La 5e édition de la Semaine Nationale de la Petite Enfance place les services de garde au cœur des priorités de développement du capital humain — une vision qui lie ambition économique et justice sociale.
Du 14 au 18 avril 2026, le ministère de la Femme, de la Famille et de l'Enfant a organisé la 5e édition de la Semaine Nationale de la Petite Enfance (SENAPE), rassemblant décideurs publics, professionnels de l'enfance, acteurs associatifs et partenaires au développement autour d'une thématique porteuse : « Investir dans les services de garde d'enfants : levier stratégique pour le développement du capital humain ».

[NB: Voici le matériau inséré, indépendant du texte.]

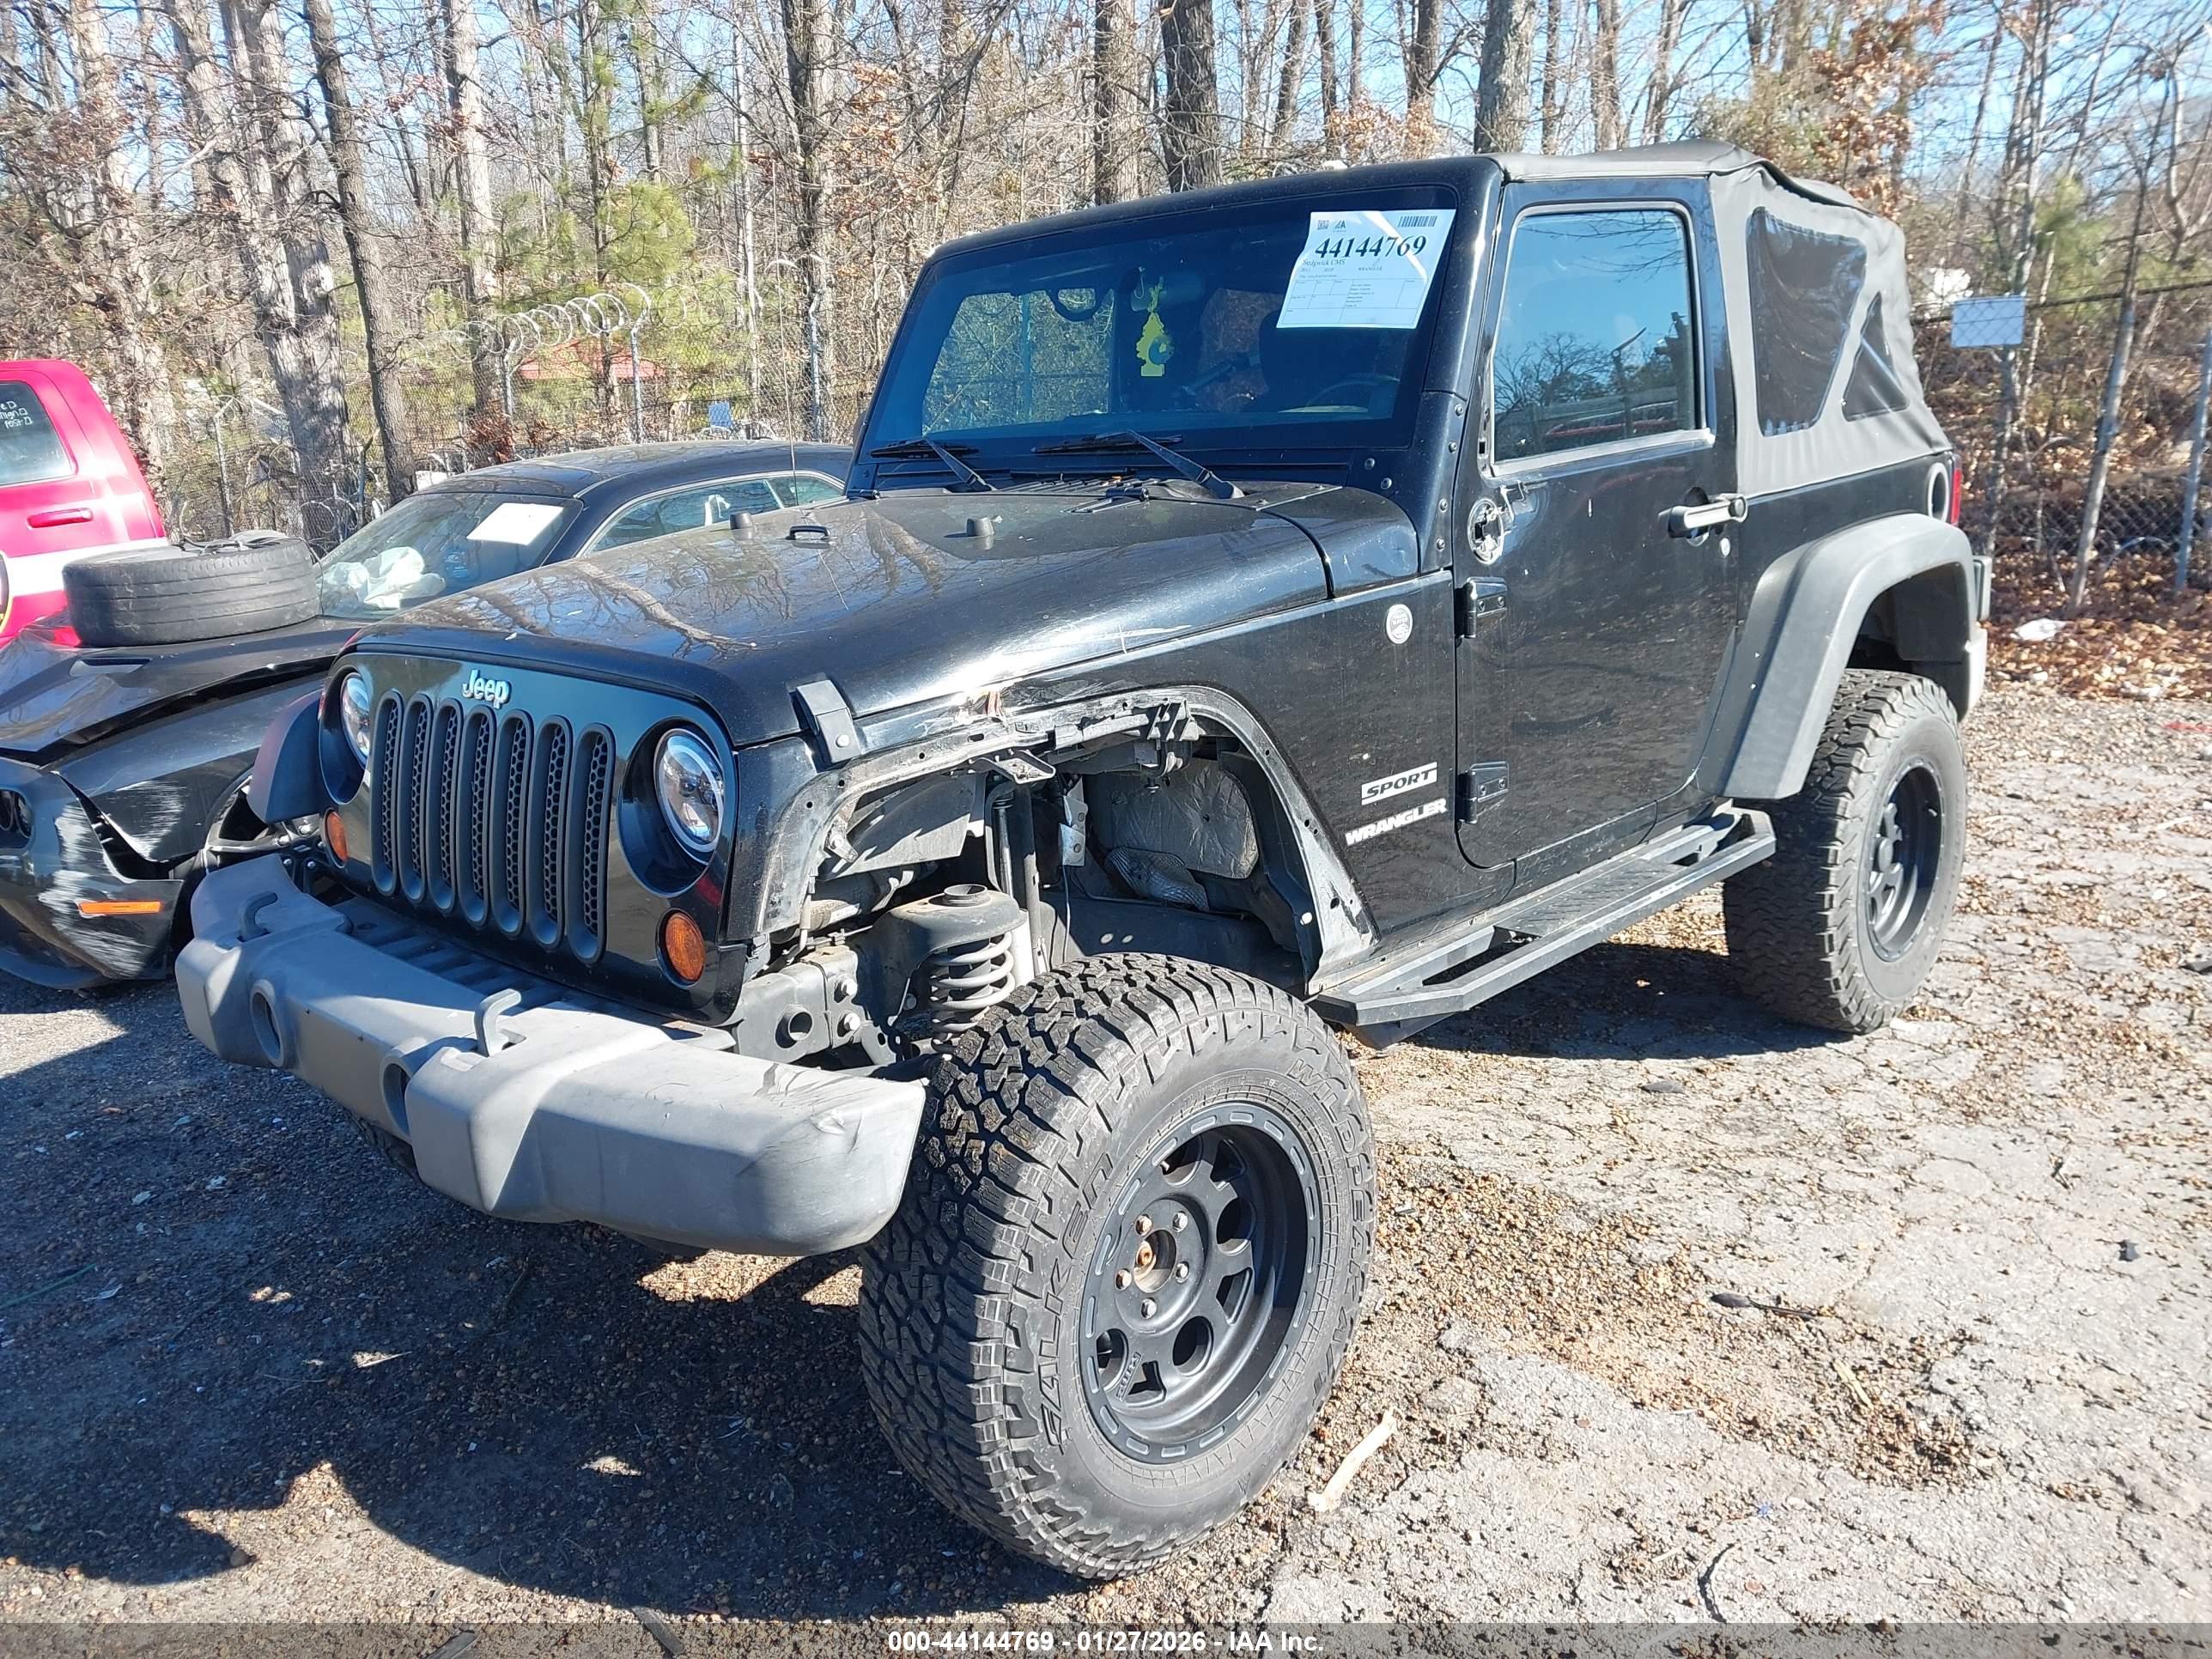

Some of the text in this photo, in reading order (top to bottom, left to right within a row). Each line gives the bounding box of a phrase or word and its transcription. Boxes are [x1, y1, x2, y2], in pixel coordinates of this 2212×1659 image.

[1303, 258, 1329, 267] Sedgwick
[1315, 234, 1427, 258] 44144769
[462, 669, 511, 710] Jeep
[1366, 770, 1431, 799] SPORT
[1345, 798, 1449, 846] WRANGLER
[1287, 1058, 1366, 1303] WILDPEAK
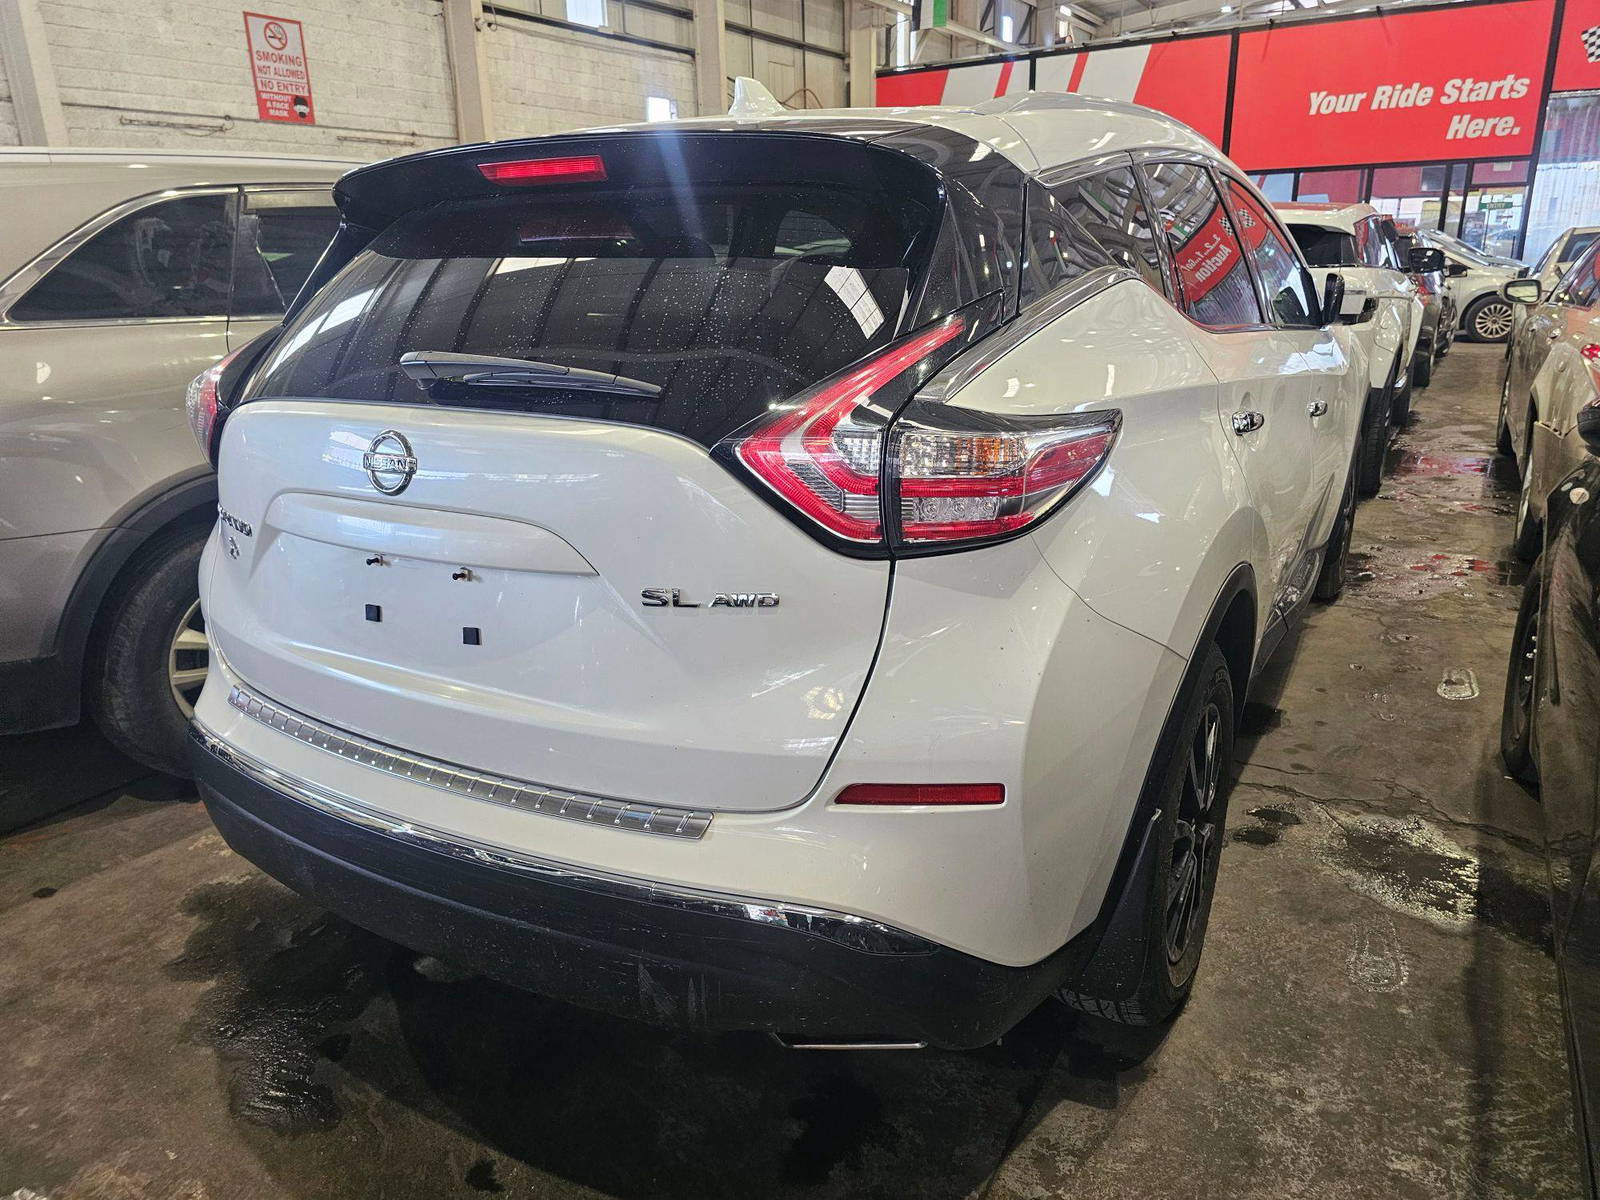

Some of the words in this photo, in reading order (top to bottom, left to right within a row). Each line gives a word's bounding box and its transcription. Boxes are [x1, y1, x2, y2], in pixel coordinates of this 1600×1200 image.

[255, 50, 303, 67] SMOKING
[257, 65, 272, 75] NOT
[274, 67, 305, 80] ALLOWED
[260, 79, 274, 90] NO
[277, 81, 306, 94] ENTRY
[1308, 90, 1367, 116] Your
[1370, 83, 1434, 111] Ride
[1440, 74, 1531, 105] Starts
[1446, 114, 1521, 140] Here.
[363, 454, 408, 471] NISSAN
[640, 587, 700, 607] SL
[708, 592, 780, 608] AWD
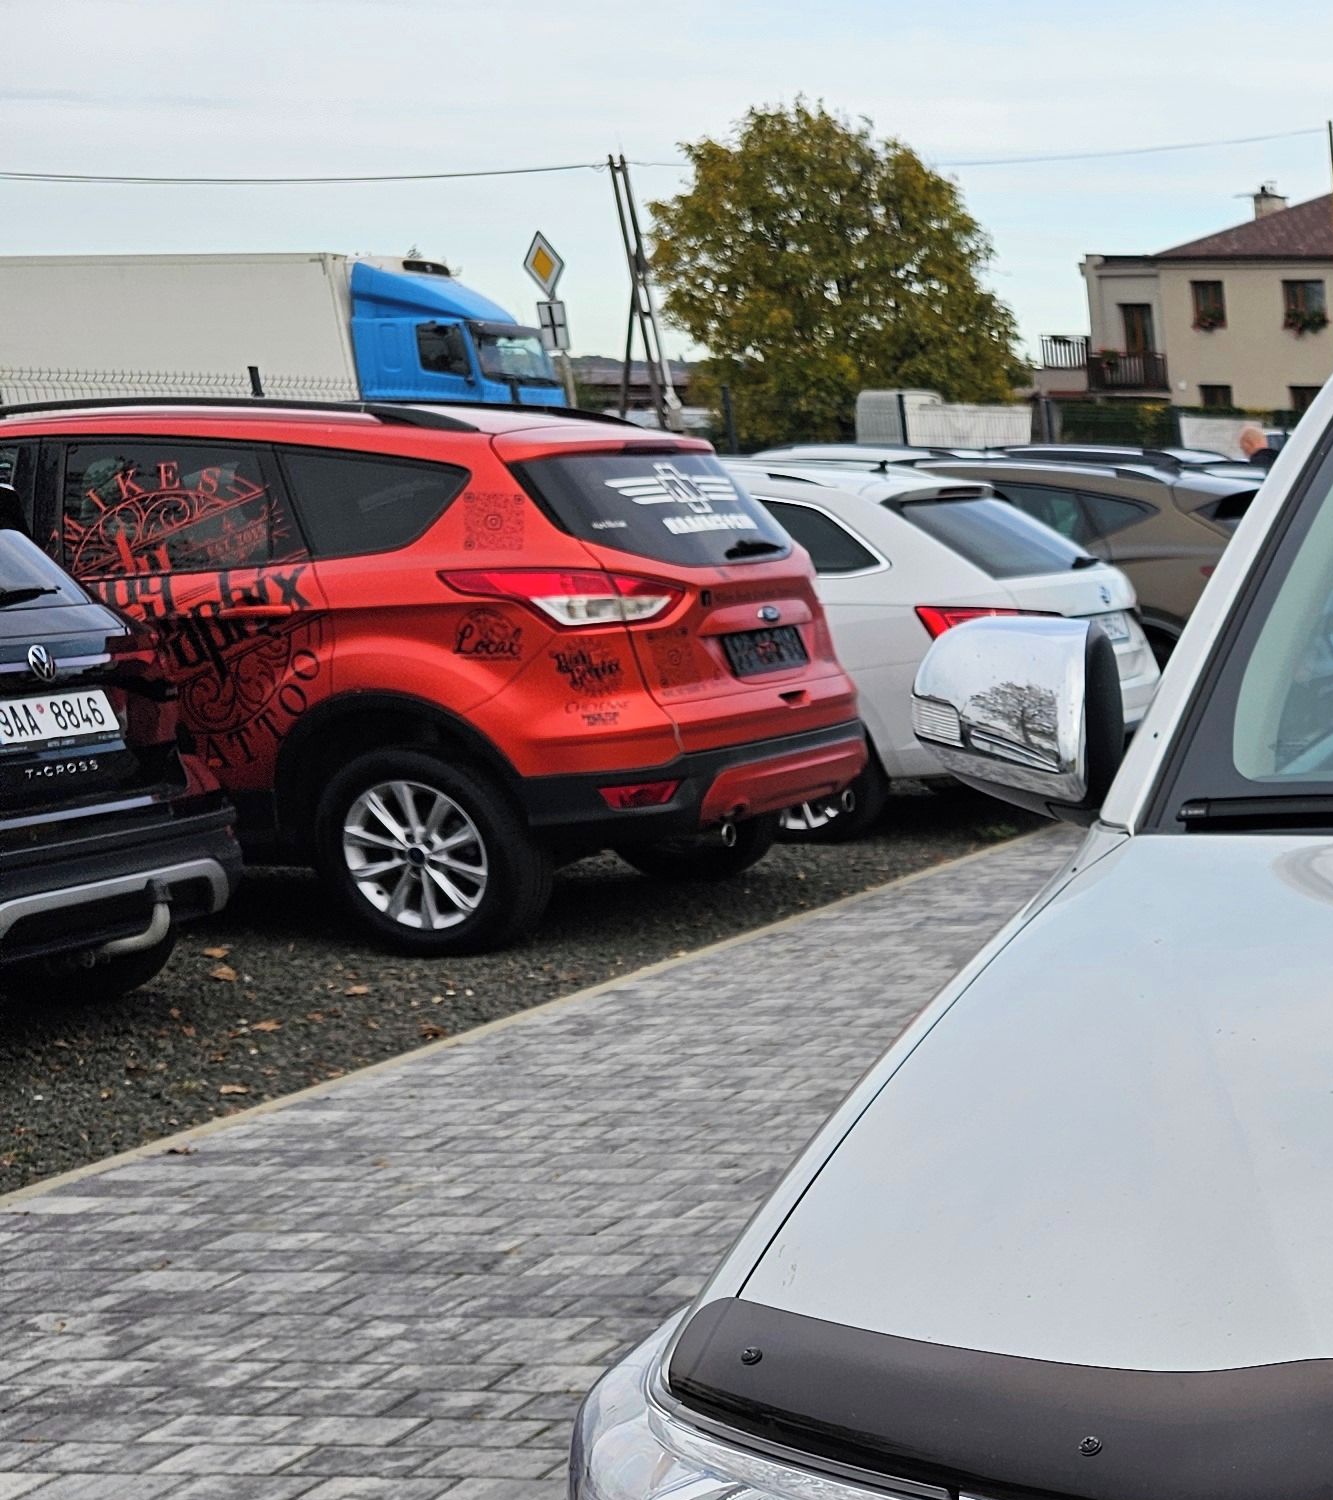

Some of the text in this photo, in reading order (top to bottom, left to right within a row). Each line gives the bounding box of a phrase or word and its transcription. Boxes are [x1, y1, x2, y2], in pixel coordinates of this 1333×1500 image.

[49, 696, 106, 731] 8846
[203, 649, 320, 770] ATTOO
[24, 759, 100, 780] T-CROSS

Le choix de ce thème traduit une évolution significative dans la façon dont les autorités ivoiriennes appréhendent la petite enfance : non plus comme un simple enjeu de protection sociale, mais comme un investissement productif à fort rendement. Les recherches internationales démontrent en effet que chaque franc investi dans les programmes de développement de la petite enfance génère des retours significatifs en termes de capital humain, de productivité et de cohésion sociale.
Une politique ambitieuse pour les 0-6 ans
Le gouvernement entend élargir l'accès à des services de garde de qualité sur l'ensemble du territoire, y compris dans les zones rurales et périurbaines. L'objectif est de permettre à chaque enfant ivoirien, quel que soit son milieu de vie, de bénéficier d'un accompagnement structuré incluant soins de santé, stimulation cognitive précoce, nutrition adéquate et protection contre toutes formes d'abus.
Cette ambition s'inscrit dans la continuité des engagements pris par la Côte d'Ivoire dans le cadre des Objectifs de Développement Durable (ODD), notamment l'ODD 4 sur l'éducation inclusive et l'ODD 3 sur la santé et le bien-être. Elle participe également à la stratégie nationale de réduction de la pauvreté, en permettant aux mères de travailler dans de meilleures conditions.